Counting Down to Ending The Shutdown After Tuesday’s Holiday Closure

Counting Down to Ending The Shutdown After Tuesday’s Holiday Closure

Bonds were weaker in the overnight session with at least some of the blame presumably going to a sudden improvement in the prospects for reopening the government. To whatever extent that blame is merited, the rest of the week is increasingly interesting. Tuesday is fully closed due to the Veterans Day holiday. A House vote on a shutdown resolution could happen as early as Wednesday. Even if the vote is looking more like Thu/Fri, any headlines that clarify the timeline or the details could be tradeable events.

Market Movement Recap

10:21 AM Moderately weaker overnight, but rallying back a bit now.  MBS down an eighth and 10yr up less than 1bp at 4.100

02:04 PM A hair weaker vs AM levels despite well-received 3yr TSY auction.  MBS down 6 ticks (.19) and 10yr up 1.8bps at 4.111

Mortgage Rates Edge Higher But Remain in November Range

Mortgage rates went into the weekend with a small cushion thanks to movement in the bond market on Friday. Specifically, bonds improved after mortgage rates came out for the day. If the improvement had been sharper, mortgage lenders likely would have made a mid-day adjustment to slightly lower levels. The implication was that rates would have been slightly lower this morning if bonds managed to hold the same levels over the weekend.
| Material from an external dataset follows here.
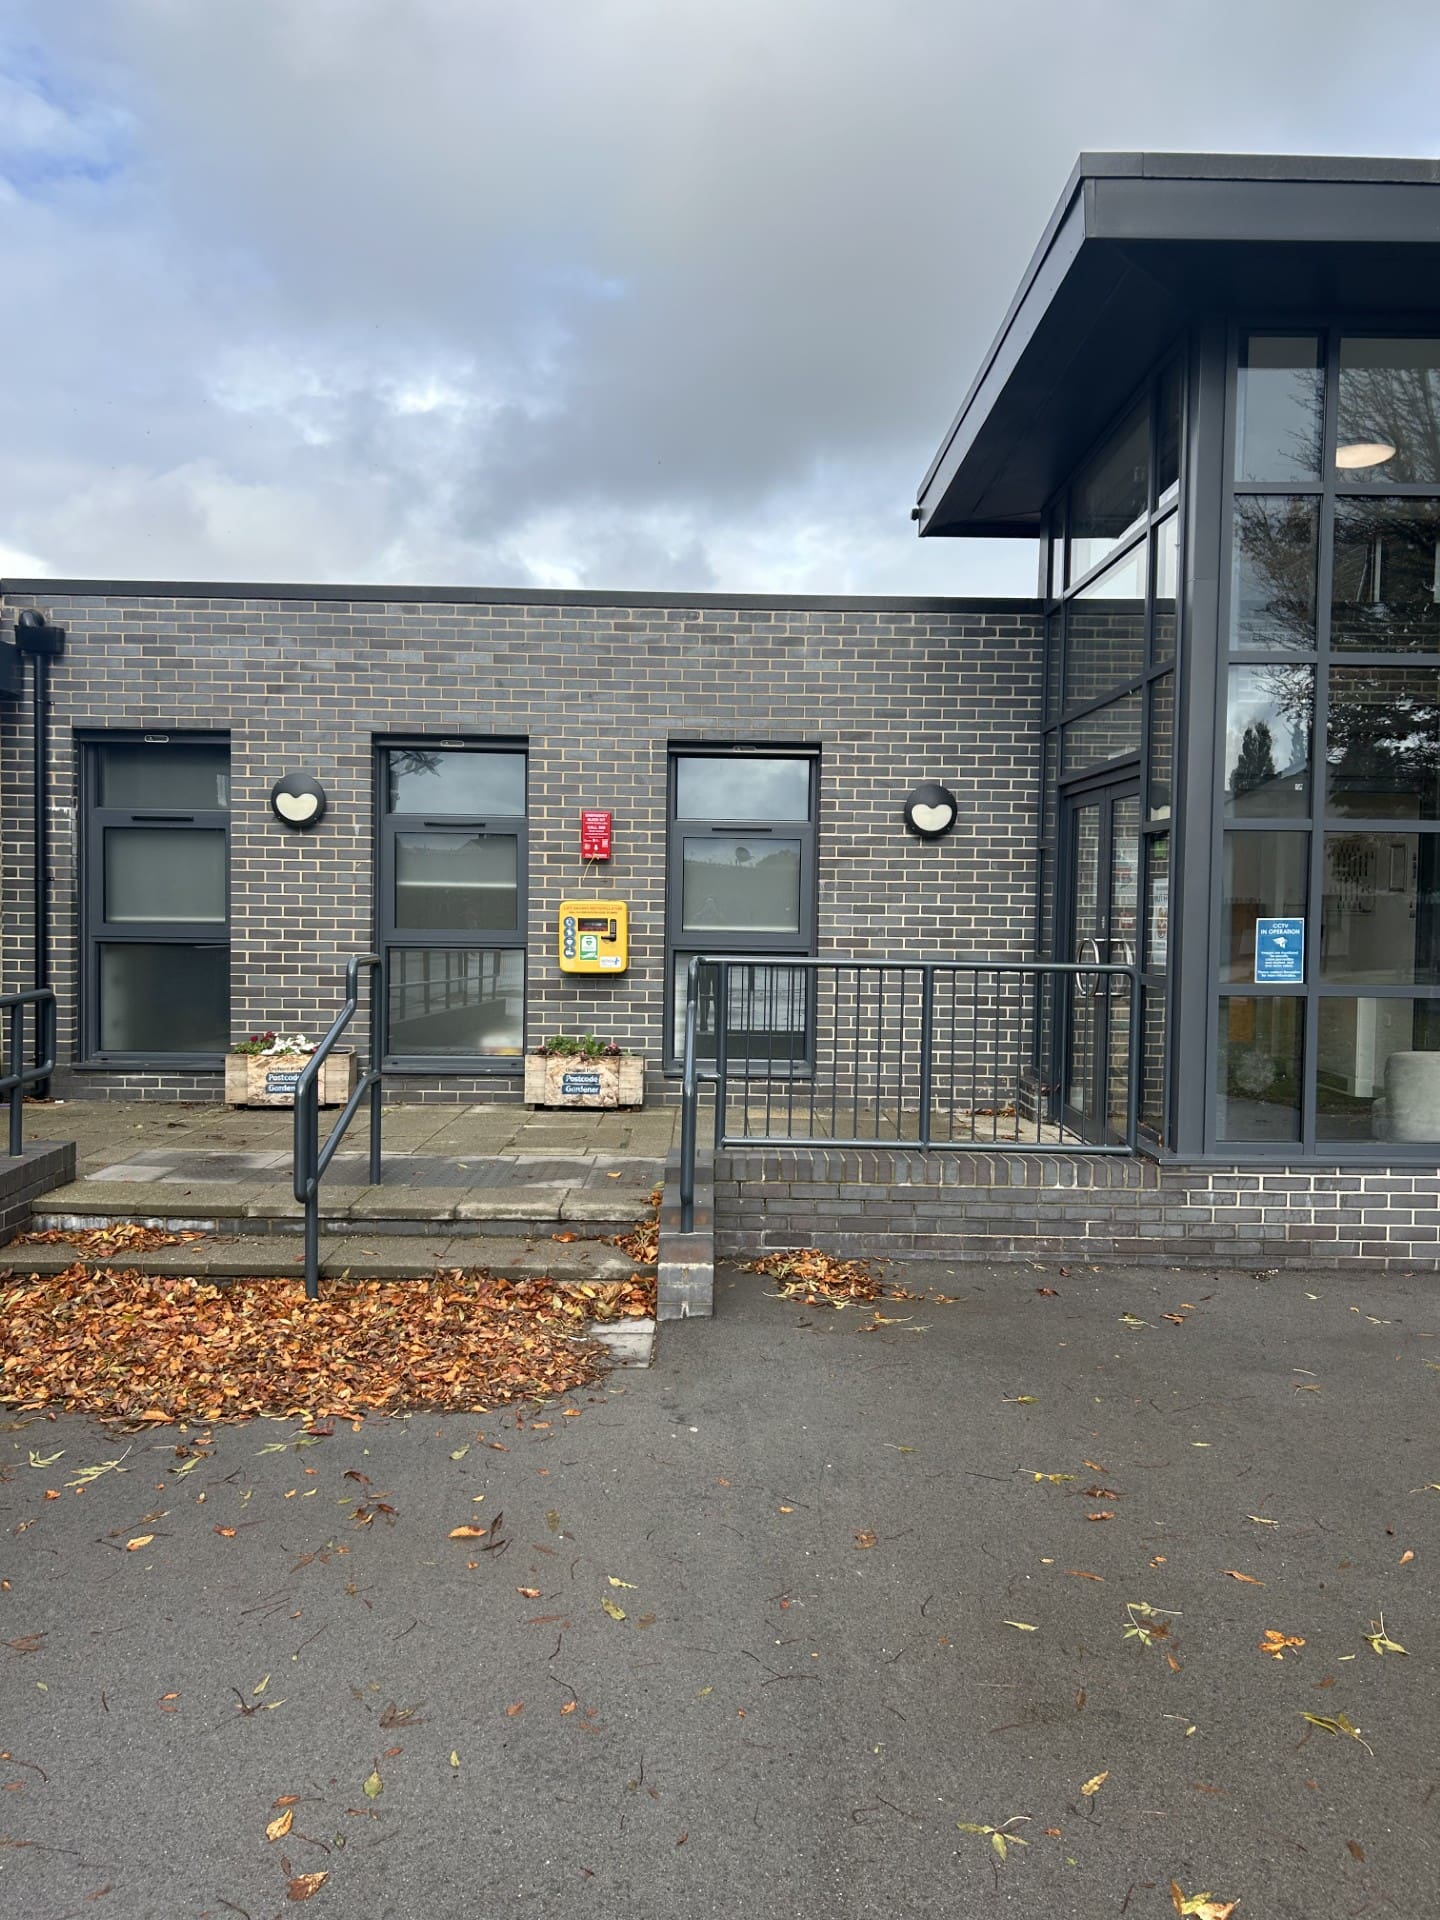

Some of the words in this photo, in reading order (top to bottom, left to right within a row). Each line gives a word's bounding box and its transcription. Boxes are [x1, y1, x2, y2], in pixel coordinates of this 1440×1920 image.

Unfortunately, bonds lost enough ground to overshadow Friday’s cushion, just slightly. The net effect is an average top-tier 30yr fixed rate that is 0.02% higher versus Friday morning–a minimal change considering the day-over-day losses in the bond market. With that, the average lender remains well inside the the 0.10 range that’s been in place since October 29th.  Bond markets are closed tomorrow for Veterans Day. When markets reopen on Wednesday, the prospects for ending the government shutdown may be coming into clearer view and that could cause enough market volatility to spill over into rates. If today’s trading was any clue, a “reopening” event is more likely to put upward pressure on rates, but today’s rate increase could already be reflecting those expectations.